Le combat de Terre des Hommes contre les pédophiles
Arrêté vendredi en Éthiopie, un ancien délégué de Terre des Hommes, accusé de pédophilie, a comparu lundi devant un juge d'Addis Abeba qui l'a inculpé. Pour les responsables de l'organisation, cet acte de justice marque une victoire dans une bataille qui est loin d'être terminée.
Vendredi dernier, la Fondation Terre des Hommes, dont le siège est à Lausanne, annonçait que grâce à sa collaboration, les polices de Zambie et d’Éthiopie avaient pu procéder à l’arrestation de l’un de ses anciens employés qu’elle accusait d’actes pédophiles.
Les faits remontent à 1995, mais l’homme de nationalité britannique, entre temps licencié, avait changé d’identité. Terre des Hommes, qui avait déjà pu empêcher qu’il ne soit engagé par une ONG pakistanaise, avait fini par retrouver sa trace et en avait aussitôt informé les autorités éthiopiennes, lesquelles émirent alors un mandat d’arrêt international.
Un grand traumatisme
«Cette arrestation représente pour nous un événement important, nous dit Peter Brey, secrétaire général de Terre des Hommes. Cela illustre notre obstination, quel que soit le temps et les moyens, à mener devant la justice quiconque abuse des enfants.»
En poste depuis un peu plus d’une année, Peter Brey est bien conscient que les délits de pédophilie jadis commis par trois de ses collaborateurs en Ethiopie ont été la cause d’un grand traumatisme, pour les enfants et pour toute son organisation.
Montrée du doigt à plusieurs reprises dans la presse, Terre des Hommes avait explicitement admis sa responsabilité.

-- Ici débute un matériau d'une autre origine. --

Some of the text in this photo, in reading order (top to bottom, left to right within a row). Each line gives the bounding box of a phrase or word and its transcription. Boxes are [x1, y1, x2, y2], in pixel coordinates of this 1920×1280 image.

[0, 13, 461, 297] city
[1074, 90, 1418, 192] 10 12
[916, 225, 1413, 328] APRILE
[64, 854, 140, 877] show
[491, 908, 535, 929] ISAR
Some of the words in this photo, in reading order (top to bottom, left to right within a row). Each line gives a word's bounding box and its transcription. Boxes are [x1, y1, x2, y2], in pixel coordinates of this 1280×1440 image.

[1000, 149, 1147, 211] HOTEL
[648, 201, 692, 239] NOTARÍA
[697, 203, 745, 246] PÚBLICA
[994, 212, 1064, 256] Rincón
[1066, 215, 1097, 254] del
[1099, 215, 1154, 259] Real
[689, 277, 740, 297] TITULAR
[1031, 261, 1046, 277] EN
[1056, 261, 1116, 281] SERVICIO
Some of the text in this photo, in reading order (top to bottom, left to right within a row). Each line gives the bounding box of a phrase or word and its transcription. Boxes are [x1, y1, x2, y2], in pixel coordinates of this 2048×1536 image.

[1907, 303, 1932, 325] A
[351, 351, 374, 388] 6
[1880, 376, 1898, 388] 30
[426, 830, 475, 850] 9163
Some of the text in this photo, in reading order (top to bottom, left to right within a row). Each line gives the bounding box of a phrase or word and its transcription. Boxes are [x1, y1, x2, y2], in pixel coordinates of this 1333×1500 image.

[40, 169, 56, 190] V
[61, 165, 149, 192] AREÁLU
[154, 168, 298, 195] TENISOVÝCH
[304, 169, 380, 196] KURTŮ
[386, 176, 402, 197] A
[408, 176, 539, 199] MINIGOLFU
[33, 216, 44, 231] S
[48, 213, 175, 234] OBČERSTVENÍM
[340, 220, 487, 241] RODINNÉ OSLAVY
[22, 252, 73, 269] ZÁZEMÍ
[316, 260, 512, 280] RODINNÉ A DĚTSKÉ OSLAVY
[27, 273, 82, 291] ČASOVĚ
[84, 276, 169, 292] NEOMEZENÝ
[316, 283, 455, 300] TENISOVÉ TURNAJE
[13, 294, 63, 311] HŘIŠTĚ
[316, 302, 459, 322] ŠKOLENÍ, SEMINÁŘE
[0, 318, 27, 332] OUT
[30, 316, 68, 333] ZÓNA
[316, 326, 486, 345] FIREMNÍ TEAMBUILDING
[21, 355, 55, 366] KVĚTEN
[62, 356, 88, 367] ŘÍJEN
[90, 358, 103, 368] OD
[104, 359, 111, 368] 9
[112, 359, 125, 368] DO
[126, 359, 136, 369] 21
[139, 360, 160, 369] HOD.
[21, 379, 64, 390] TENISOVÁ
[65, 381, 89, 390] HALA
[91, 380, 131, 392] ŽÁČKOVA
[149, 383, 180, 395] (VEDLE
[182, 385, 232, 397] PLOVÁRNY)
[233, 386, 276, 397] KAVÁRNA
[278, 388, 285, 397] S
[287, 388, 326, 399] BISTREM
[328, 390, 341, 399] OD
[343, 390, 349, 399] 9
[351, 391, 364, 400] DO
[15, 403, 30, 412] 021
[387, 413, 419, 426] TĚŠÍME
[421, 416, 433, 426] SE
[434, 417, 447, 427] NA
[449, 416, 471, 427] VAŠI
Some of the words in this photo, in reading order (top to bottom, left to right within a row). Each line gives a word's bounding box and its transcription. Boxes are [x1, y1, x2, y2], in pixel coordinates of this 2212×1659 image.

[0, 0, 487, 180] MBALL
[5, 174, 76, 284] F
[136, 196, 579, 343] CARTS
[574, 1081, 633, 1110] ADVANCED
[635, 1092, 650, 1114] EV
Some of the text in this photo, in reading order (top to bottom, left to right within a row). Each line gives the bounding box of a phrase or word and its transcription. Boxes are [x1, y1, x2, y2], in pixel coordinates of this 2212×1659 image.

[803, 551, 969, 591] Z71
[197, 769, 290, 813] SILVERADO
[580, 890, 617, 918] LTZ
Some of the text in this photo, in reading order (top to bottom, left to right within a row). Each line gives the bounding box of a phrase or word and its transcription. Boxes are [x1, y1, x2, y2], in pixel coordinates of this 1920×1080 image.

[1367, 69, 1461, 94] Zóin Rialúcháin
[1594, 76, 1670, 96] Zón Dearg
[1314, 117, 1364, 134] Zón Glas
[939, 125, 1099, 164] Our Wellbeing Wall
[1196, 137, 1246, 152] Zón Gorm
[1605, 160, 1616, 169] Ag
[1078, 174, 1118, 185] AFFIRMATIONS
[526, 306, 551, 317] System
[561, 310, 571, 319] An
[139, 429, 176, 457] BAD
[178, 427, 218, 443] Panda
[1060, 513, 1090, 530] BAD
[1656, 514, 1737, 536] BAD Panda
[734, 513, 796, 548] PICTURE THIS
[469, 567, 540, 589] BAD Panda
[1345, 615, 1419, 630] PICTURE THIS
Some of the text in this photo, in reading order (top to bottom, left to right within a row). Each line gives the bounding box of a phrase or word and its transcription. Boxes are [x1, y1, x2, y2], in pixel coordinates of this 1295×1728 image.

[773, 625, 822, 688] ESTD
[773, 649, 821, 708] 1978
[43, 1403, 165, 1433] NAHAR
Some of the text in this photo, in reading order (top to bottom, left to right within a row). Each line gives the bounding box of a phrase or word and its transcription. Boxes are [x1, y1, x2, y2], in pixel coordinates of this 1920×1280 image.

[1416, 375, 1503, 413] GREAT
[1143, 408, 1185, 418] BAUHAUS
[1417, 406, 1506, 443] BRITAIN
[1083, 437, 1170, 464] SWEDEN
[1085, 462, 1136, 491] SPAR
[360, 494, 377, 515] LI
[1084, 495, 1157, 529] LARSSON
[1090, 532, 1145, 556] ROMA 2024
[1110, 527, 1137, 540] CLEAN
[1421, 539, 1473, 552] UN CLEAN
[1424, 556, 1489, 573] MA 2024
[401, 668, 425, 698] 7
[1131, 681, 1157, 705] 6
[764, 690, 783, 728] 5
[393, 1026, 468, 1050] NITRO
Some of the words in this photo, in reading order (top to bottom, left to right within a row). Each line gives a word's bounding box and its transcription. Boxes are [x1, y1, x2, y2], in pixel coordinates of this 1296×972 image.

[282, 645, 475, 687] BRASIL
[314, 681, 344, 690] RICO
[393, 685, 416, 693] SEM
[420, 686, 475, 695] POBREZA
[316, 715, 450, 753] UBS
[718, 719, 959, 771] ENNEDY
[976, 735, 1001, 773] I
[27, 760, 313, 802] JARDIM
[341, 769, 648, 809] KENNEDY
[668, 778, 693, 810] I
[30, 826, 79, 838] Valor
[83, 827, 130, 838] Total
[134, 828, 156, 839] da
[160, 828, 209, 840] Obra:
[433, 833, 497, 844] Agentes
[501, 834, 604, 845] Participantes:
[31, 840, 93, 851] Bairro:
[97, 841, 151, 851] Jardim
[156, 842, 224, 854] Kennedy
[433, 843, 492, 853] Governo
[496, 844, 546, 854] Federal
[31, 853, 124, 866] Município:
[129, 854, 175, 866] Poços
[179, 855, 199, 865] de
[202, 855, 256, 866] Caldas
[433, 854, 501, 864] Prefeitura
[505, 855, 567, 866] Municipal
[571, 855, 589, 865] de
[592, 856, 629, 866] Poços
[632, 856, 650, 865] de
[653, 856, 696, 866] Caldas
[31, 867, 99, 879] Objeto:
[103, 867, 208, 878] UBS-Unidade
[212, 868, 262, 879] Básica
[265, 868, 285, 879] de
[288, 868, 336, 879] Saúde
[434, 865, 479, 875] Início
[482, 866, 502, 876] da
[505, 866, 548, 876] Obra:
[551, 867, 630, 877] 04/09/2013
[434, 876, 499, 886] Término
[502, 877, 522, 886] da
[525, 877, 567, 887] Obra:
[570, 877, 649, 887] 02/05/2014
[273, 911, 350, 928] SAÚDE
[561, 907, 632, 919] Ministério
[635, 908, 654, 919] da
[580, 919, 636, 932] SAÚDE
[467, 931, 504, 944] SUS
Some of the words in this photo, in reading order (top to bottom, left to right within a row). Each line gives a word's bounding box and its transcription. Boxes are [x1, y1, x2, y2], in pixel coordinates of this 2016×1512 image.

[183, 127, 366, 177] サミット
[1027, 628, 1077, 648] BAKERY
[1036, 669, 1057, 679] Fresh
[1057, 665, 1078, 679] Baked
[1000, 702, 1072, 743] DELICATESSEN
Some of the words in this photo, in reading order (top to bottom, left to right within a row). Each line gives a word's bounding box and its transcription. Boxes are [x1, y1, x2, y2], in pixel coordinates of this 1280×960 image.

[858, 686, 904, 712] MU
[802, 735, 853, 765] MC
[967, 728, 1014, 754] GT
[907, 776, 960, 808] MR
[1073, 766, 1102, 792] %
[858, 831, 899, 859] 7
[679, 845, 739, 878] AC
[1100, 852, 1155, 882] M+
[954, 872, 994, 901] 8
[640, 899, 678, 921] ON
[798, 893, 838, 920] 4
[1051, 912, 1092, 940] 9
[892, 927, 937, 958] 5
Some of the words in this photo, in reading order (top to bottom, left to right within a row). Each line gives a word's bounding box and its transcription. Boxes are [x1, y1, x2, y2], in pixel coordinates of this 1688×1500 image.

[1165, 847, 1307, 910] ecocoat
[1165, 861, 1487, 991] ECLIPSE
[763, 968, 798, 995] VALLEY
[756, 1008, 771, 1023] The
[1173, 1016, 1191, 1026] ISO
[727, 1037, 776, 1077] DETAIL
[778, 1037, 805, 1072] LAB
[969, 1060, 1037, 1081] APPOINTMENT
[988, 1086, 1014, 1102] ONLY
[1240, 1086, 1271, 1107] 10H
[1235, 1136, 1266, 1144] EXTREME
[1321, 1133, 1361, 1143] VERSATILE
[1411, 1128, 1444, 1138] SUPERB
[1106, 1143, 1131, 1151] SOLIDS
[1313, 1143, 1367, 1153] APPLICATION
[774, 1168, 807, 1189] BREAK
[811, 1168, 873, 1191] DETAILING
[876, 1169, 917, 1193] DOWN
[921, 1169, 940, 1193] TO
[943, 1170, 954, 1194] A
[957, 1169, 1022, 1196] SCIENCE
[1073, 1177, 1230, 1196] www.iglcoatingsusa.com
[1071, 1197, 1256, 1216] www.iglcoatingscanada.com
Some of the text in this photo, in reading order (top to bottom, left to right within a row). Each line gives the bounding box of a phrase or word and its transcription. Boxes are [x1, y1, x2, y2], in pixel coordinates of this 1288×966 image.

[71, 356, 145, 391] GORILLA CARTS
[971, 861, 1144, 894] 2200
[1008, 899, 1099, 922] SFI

Elle disait comprendre «qu’ait pu naître de ce véritable cauchemar l’impression d’une gestion lente et inefficace» et rejetait catégoriquement «l’idée que son action en faveur des enfants puisse être pervertie par des malades ou des criminels».
Réparer et prévenir les dérapages
Peter Brey entend poursuivre avec une évidente ténacité les mesures qui avaient alors été prises pour réparer et prévenir de tels dérapages. «Pour les enfants qui ont été victimes de ces actes, explique-t-il, nous avons mis en place plusieurs programmes de soutien psychologique, légal et matériel.»
Peter Brey se rend bien compte aussi que les organisations humanitaires, à l’instar des institutions scolaires et des clubs sportifs, constituent hélas des cibles potentielles pour les pédophiles et qu’il leur faut désormais faire preuve d’une extrême vigilance.
Au début de l’an dernier, Terre des Hommes avait également pris l’initiative, non seulement de renforcer les procédures de recrutement de son personnel, mais aussi, en liaison avec d’autres organisations, d’élaborer un véritable code de conduite auquel le personnel humanitaire doit désormais souscrire.
Fidélité de son public
Par ailleurs, poursuivre en justice et par-delà les frontières les auteurs de tels actes répréhensibles semble une tâche difficile et complexe, vu la diversité des législations et des moyens juridiques qui peuvent être mis en œuvre.
La Fondation Terre des Hommes redit néanmoins qu’elle veut coûte que coûte persévérer dans sa détermination, cela d’autant plus qu’elle peut compter sur la fidélité de son public. Et ce n’est pas le moindre réconfort pour Peter Brey de constater que «les gens qui nous soutiennent ont fait preuve d’une grande compréhension».